**Task requirements:**
When you repeat the records, keep every word exact and drop each picture.
[Opening Entries provided section]
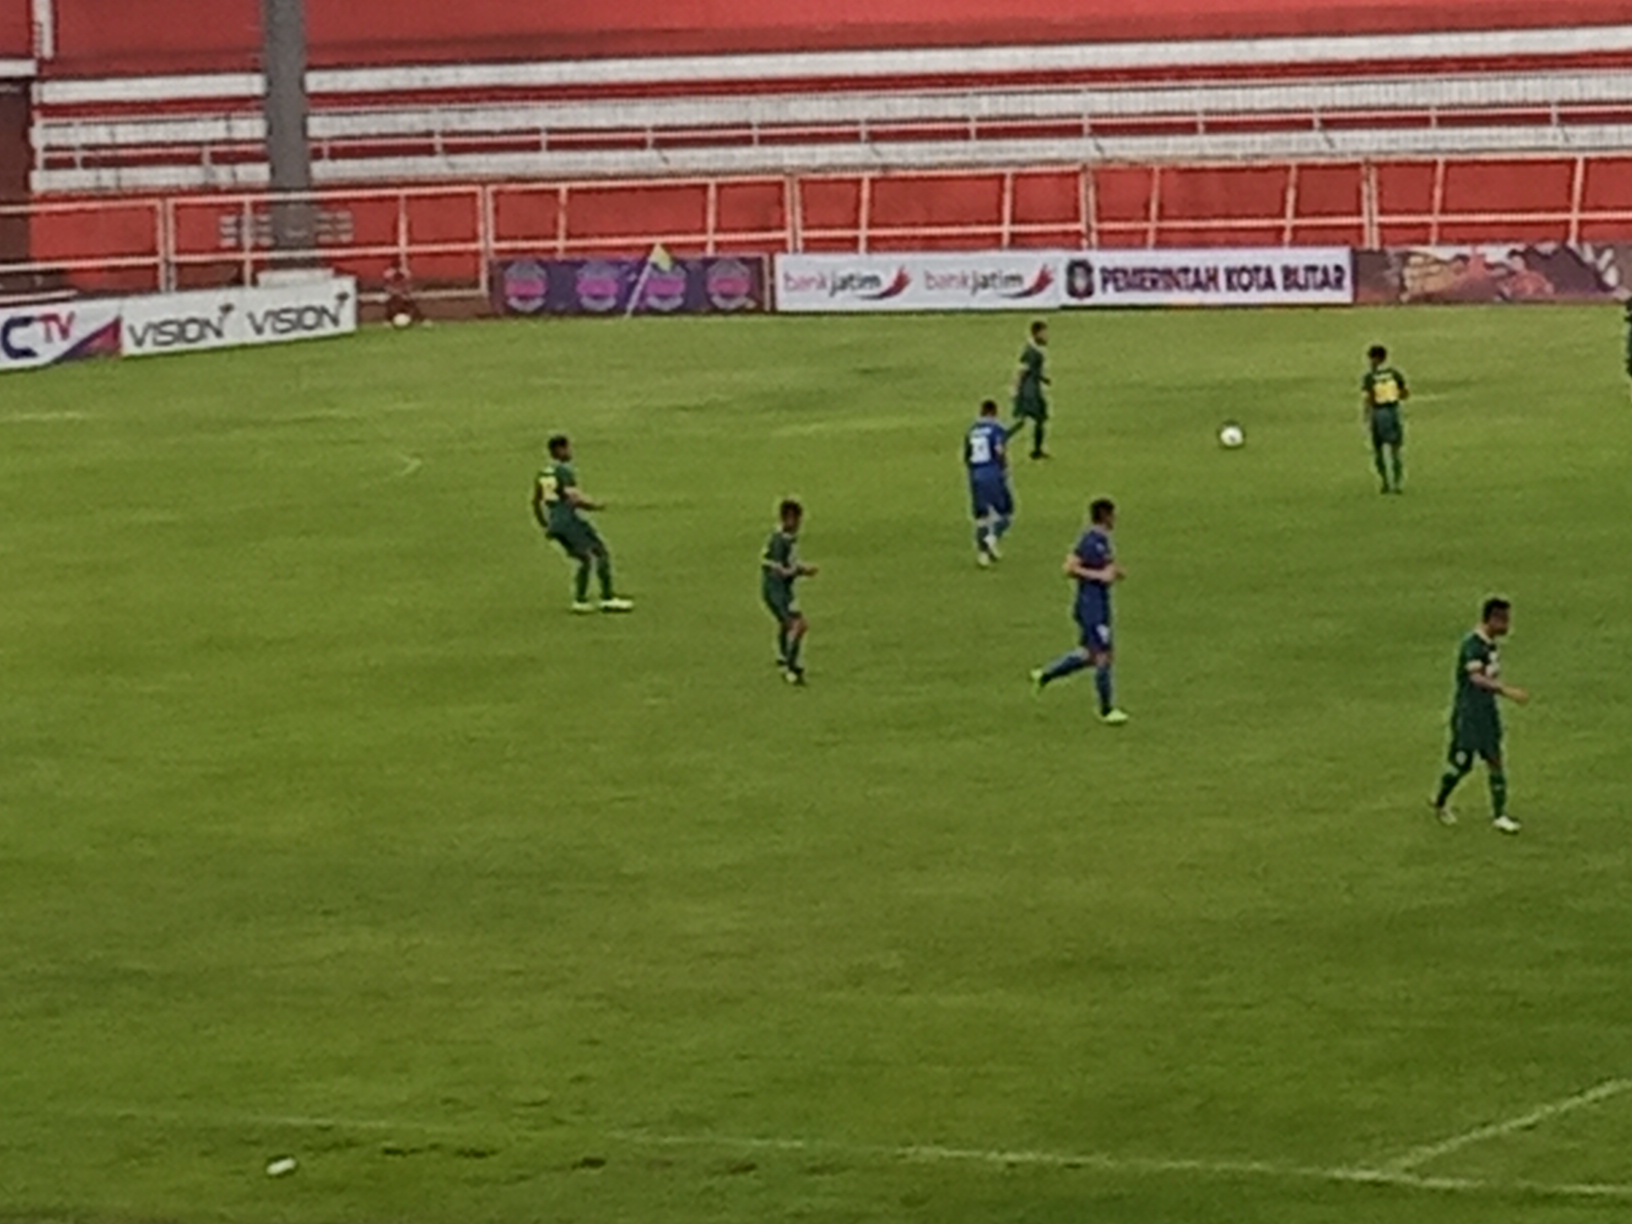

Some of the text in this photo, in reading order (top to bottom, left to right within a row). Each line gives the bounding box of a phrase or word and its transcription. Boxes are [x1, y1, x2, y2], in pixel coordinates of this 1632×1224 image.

[1100, 266, 1220, 293] PEMERINTAH
[1224, 265, 1277, 292] KOTA
[127, 313, 226, 349] VISION
[246, 301, 341, 336] VISION
[Closing Entries provided section]
**Answer section:**
Some of the text in this photo, in reading order (top to bottom, left to right within a row). Each line gives the bounding box of a phrase or word and its transcription. Boxes are [x1, y1, x2, y2], in pixel coordinates of this 1632×1224 image.

[1100, 266, 1220, 293] PEMERINTAH
[1224, 265, 1277, 292] KOTA
[127, 313, 226, 349] VISION
[246, 301, 341, 336] VISION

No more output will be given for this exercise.